On this day in 1902, Eric Liddell was born in Northern China to James Dunlop Liddell and his wife, who were Scottish missionaries with the London Missionary Society. For the first five years of his life, he lived with his parents in China. But at the age of six, he was sent to a boarding school in England with his older brother. During his time at school, Liddell excelled at two things: sports and loving Jesus! He had a great reputation on the field, becoming the captain of both the cricket and rugby team. He won multiple rewards for his skills. In fact, he was called the fastest man in Scotland. But despite all his popularity and success, he stilled clung tightly to his Lord. He joined a group of men with the Glasgow Students’ Evangelical Union who would travel around Scotland and preach to large groups of students. He was known as a man of integrity and as being “absolutely without vanity.”
The 1924 Olympics were held in Paris and Eric was entered to compete in the track events for the U.K. However, when the schedule came out, it was discovered that the event Eric was favored to win, the 100-meter race, was being held on a Sunday. Eric, based on his own personal convictions, refused to compete. Instead, he switched over to the 400-meter race and began to prepare for this event. Still, his practice runs were not very impressive and no one expected him to win. When it came time for his race, Eric went up to the staring line with the other contestants. As they lined up, a member of the American Olympic team slipped a piece of paper into his hand with a quotation from 1 Samuel 2:30: “Those who honor me I will honor.” During that race, Eric not only won a gold medal, but he also set a new world record. God truly did honor the man who honored him.

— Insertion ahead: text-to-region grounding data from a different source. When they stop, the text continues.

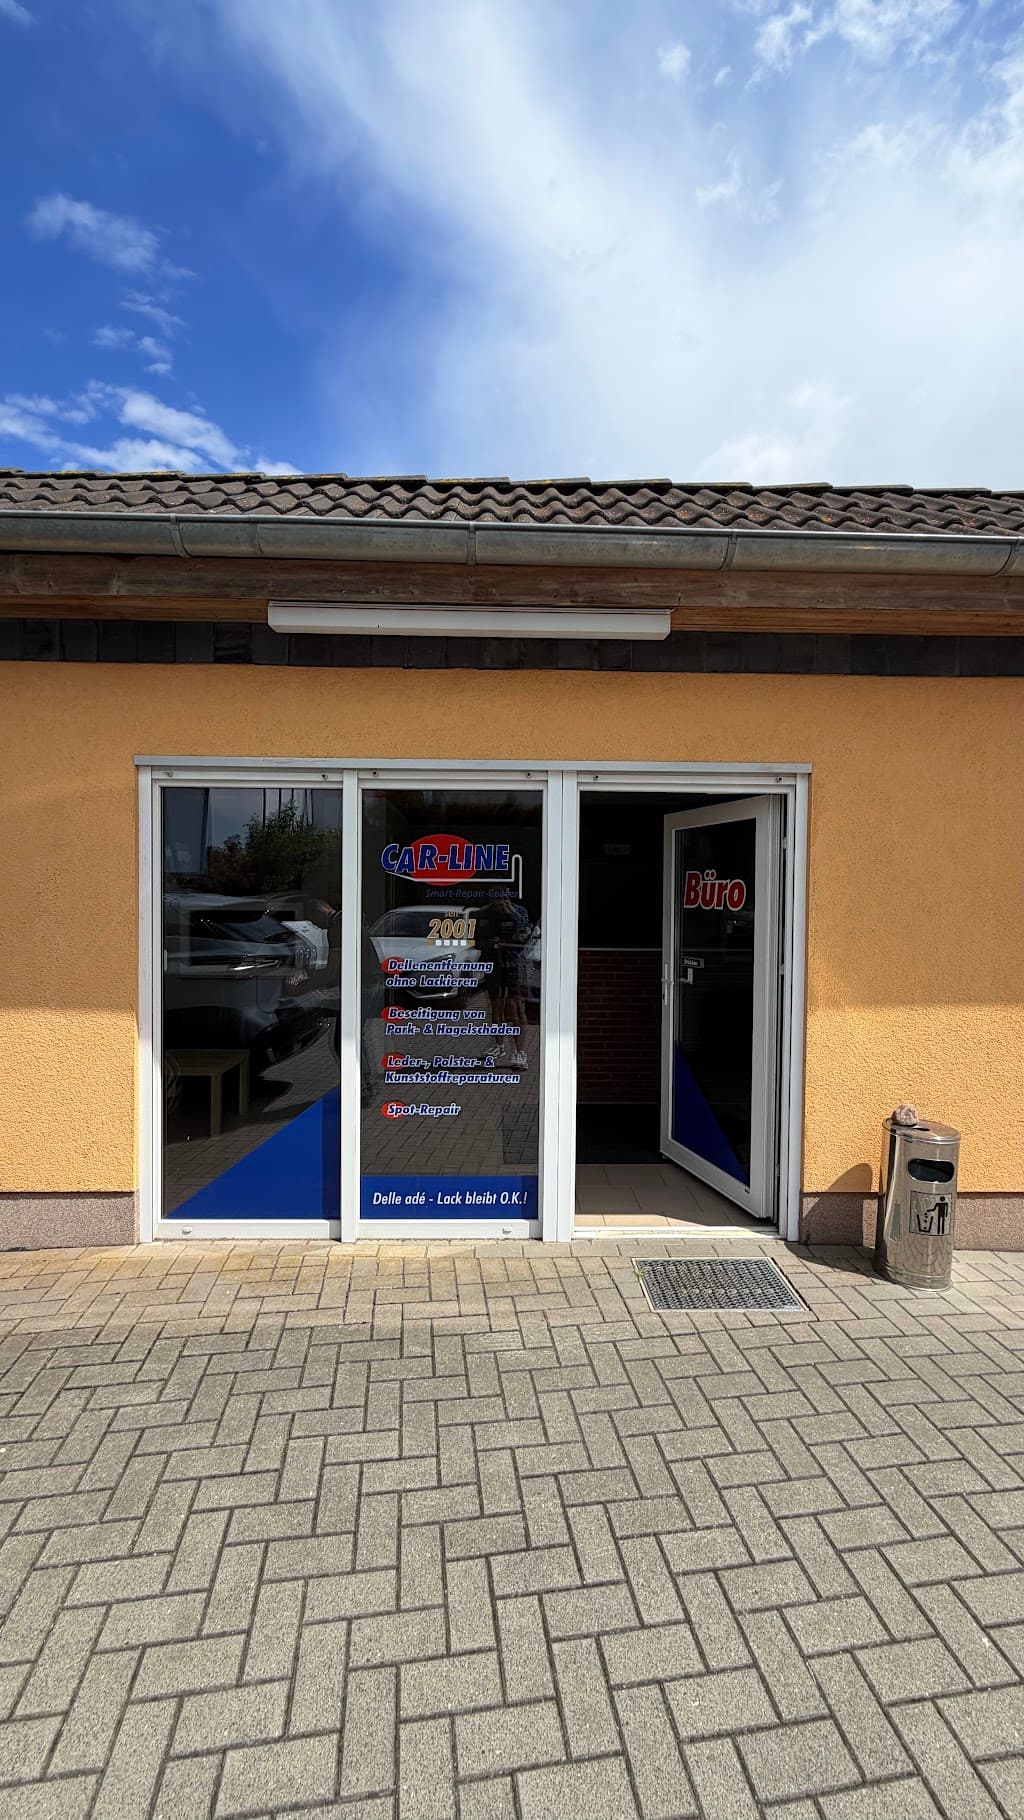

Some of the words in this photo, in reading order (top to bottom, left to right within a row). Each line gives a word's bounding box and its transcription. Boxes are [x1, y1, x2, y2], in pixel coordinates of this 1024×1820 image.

[381, 843, 510, 873] CAR-LINE
[684, 869, 746, 911] Büro
[427, 918, 476, 939] 2001
[388, 959, 494, 974] Dellenentfernung
[386, 974, 417, 987] ohne
[419, 974, 478, 987] Lackieren
[388, 1007, 460, 1020] Beseitigung
[463, 1010, 485, 1019] von
[386, 1024, 420, 1035] Park-
[423, 1024, 433, 1035] &
[436, 1023, 521, 1037] Hagelschäden
[387, 1056, 431, 1069] Leder-,
[433, 1055, 481, 1068] Polster-
[485, 1056, 495, 1068] &
[385, 1071, 520, 1085] Kunststoffreparaturen
[387, 1103, 461, 1117] Spot-Repair
[373, 1192, 401, 1205] Delle
[405, 1192, 425, 1205] adé
[437, 1192, 462, 1205] Lack
[465, 1191, 497, 1205] bleibt
[500, 1191, 528, 1205] O.K.!

After he finished university in 1925, Eric Liddell decided to return to China, the place he was born. For nearly forty years, Eric worked among the Chinese people. It was his time serving in China that Eric viewed as his greatest accomplishment. When asked if he regretted leaving the popular sports world for missionary work, Eric replied, “It’s natural for a chap to think over all that sometimes, but I’m glad I’m at the work I’m engaged in now. A fellow’s life counts for far more at this than the other.” Even during the Japanese takeover of China during WWII, Eric stayed and continued to serve the chinese people until his death.

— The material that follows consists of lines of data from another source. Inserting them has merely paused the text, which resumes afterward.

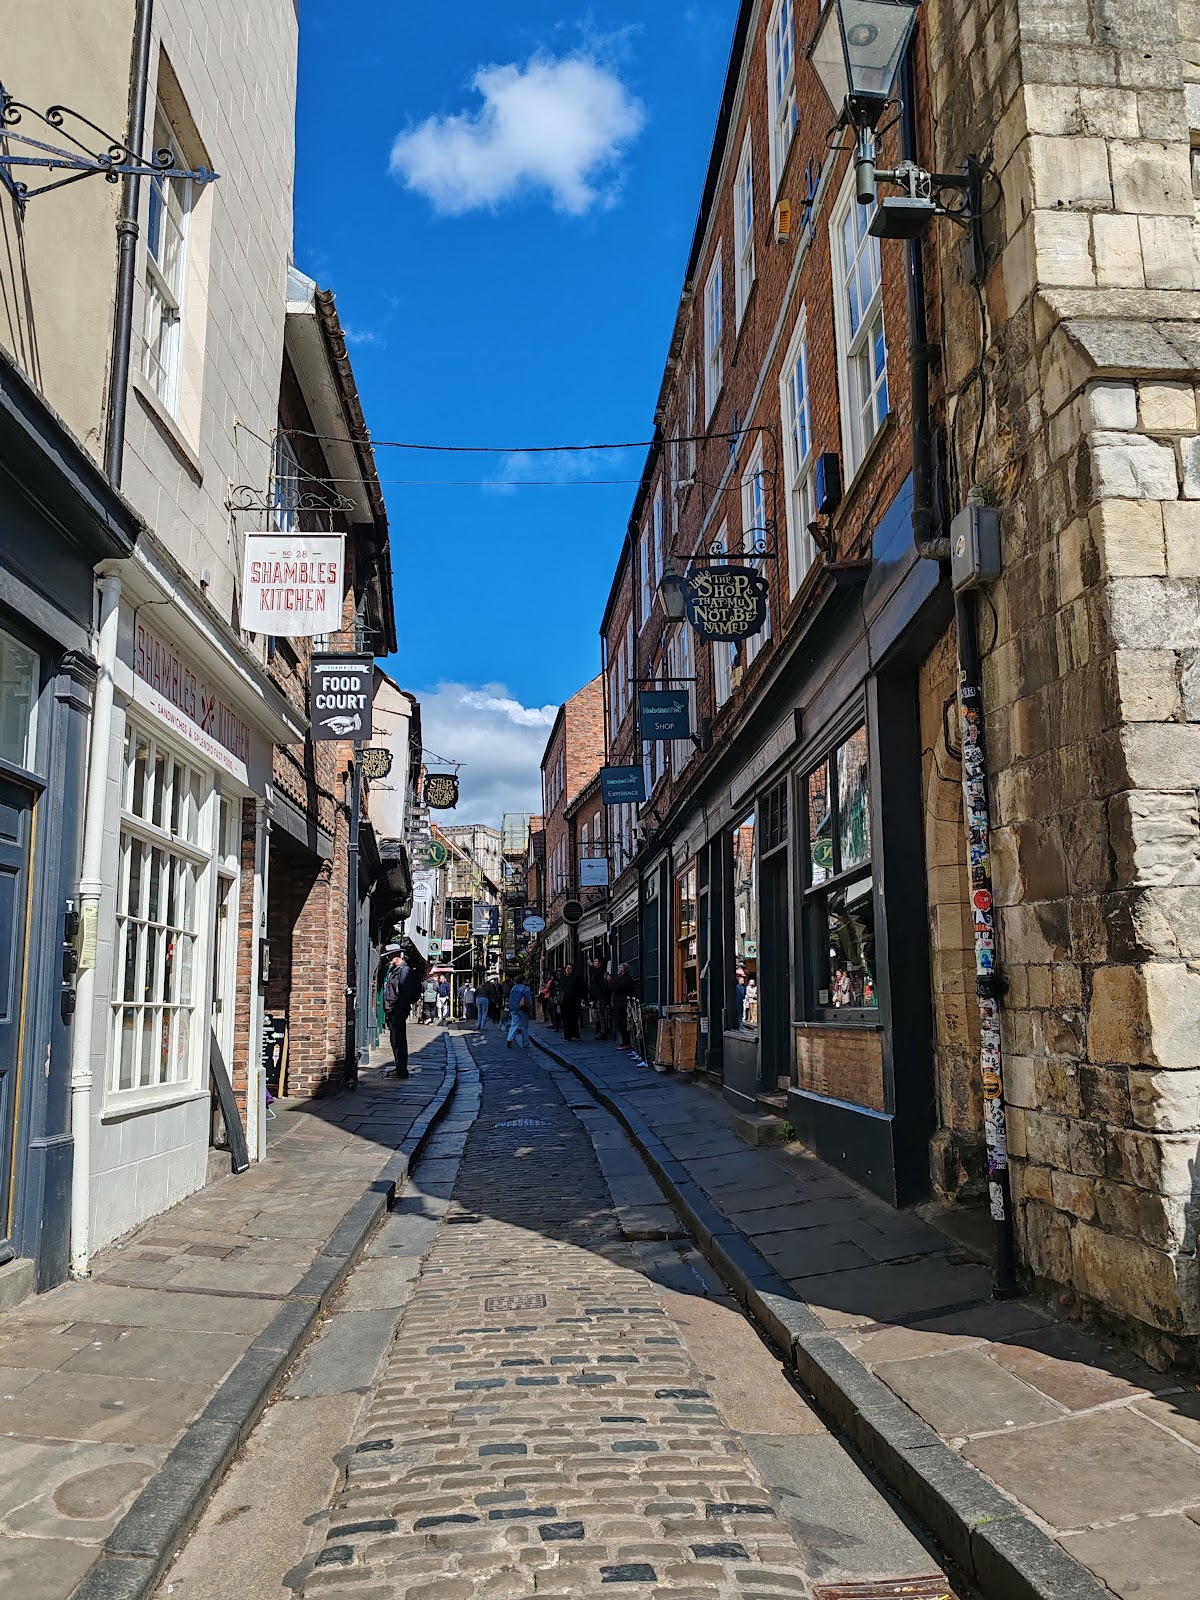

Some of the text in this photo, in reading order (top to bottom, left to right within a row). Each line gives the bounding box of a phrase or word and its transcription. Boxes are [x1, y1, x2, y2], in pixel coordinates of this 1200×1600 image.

[296, 550, 308, 558] 28
[251, 561, 337, 585] SHAMBLES
[712, 572, 735, 586] THE
[697, 575, 749, 598] SHOP
[260, 588, 327, 612] KITCHEN
[692, 584, 759, 615] THAT MUST
[693, 605, 757, 625] NOT BE
[703, 621, 749, 635] NAMED
[137, 624, 197, 721] SHAMBLES
[322, 676, 361, 692] FOOD
[315, 694, 368, 710] COURT
[157, 703, 188, 735] SANDWICHES
[189, 727, 193, 738] &
[654, 722, 675, 731] SHOP
[218, 701, 250, 768] KITCHEN

On this day in 1820, Johannes Rebmann, a pioneer missionary and explorer, was born on a small German farm. Even at an early age, Johannes wanted to be a preacher. But it wasn’t until he was a young man that he felt lead to open the way to work among the tribes of East Africa. In 1846, Johannes landed near modern day Kenya with a fellow missionary, Johann Ludwig Kraph. The men faced strong opposition from many angles. The tribal chiefs were untrusting of these strangers who wanted to teach their people new idea. The climate was difficult and disease was common. Plus, the men arrived at a time when Islamic influence was surging throughout the area. The missionaries realized that hard task they faced, and rose to the challenge. For thirty years, Johannes lived among the tribes of Eastern Africa, learning their languages, translating, and preaching to the the gospel. He married a fellow missionary, Ana Mari. Though the work was difficult and he faced many hardships, Johannes always clung to Christ to see him through his trials. His diary is a beautiful collection of a man who relied completely on Christ and loved his word. One journal entry, taken from the psalms, reads, “Restore to me joy of your salvation and grant me a willing spirit, to sustain me.”